Interestingly, Castelvetro’s plan, as outlined above, was not a completely unique suggestion in the period. In February 1585, William Damasus Lindanus, the Bishop of Roermond (and, beginning in 1588, the bishop of Ghent), submitted a set of proposals following a meeting with Pope Gregory XIII.10 He, too, suggested that men would be convened in a college to correct books. They would live and eat together and would rectify the insufficiently careful work of Spanish and Italian inquisitors (BAV, Barb. Lat. 1501, ff. 367v–368r). Lindanus was more tentative than Castelvetro and indicated that they should start small with only eight or ten individuals who would be drawn from across Europe. Both agreed that censorship should be institutionalized and centralized, for in Lindanus’s words, “It is not the task of one or another private individual to respond to everything” (BAV, Barb. Lat. 1501, f. 364v).
Returning to Castelvetro’s plan, after works were licensed by the high cardinal and revised by the learned men of all nations who came to Rome, they would then be printed at the Vatican Press.
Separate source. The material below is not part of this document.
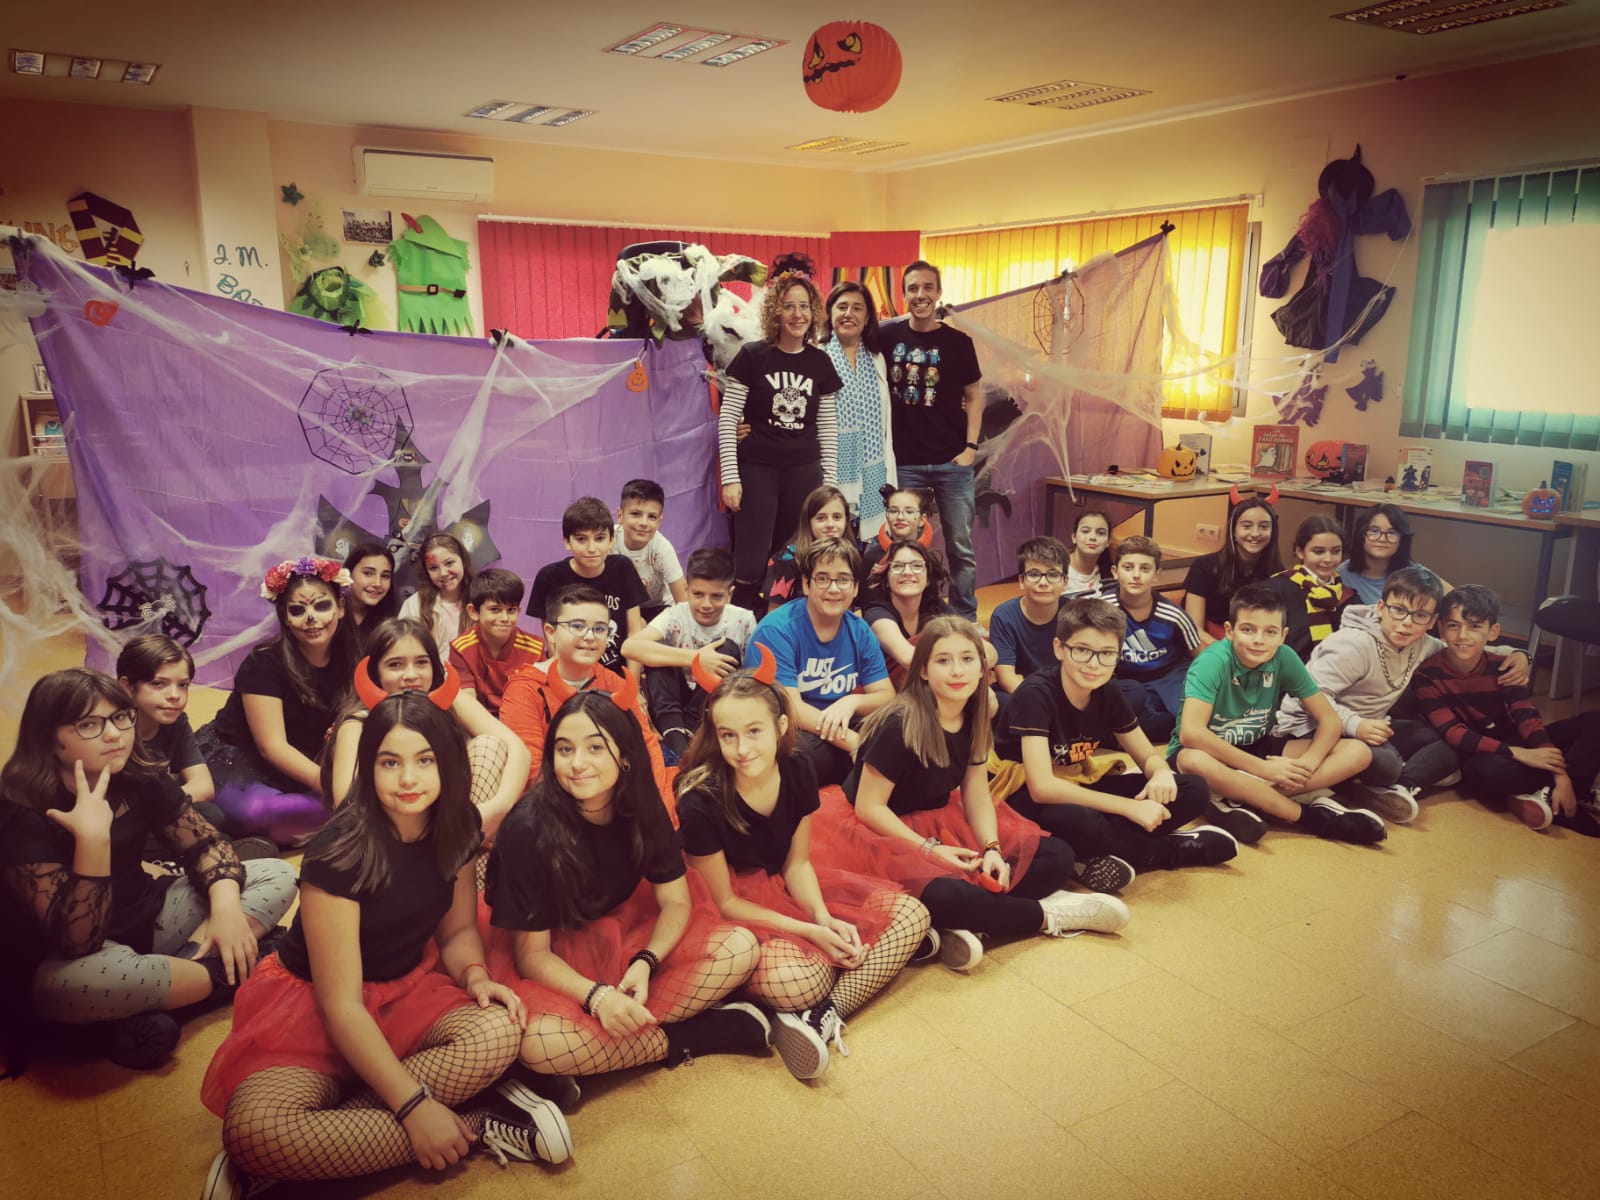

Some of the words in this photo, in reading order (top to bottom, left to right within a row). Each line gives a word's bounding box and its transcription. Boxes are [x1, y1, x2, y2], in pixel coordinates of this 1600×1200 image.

[764, 371, 813, 396] VIVA
[1120, 648, 1168, 664] didas
[803, 657, 835, 678] JUST
The Vatican Press was central to Castelvetro’s plan, so much so that in the Index to the miscellaneous volume containing his treatise in the Roman Inquisition Archive, his work is listed as “Typographie Vaticane dispositio per Castelvetrum cum responsis Secret. Indiciis” (ACDF Index II, v. P, f. 169r). This emphasis was also an important strategic point for Castelvetro. Sixtus had founded the Vatican Press in the same year that he circulated his treatise. This was a novel invention and is generally accepted as the first state-run press in Europe. In 1576, Giovanni Carga, a secretary to Cardinal Benedetto Lomellino, proposed a Roman press as the solution to heresies and errors in printed works. His proposal is held in the Archivio Segreto Vaticano and suggested that the Roman press be responsible for creating ideal copies of books that other printers would reproduce exactly under the eye of appointed inquisitors (Grendler 1977, p. 234; Bowers 1949).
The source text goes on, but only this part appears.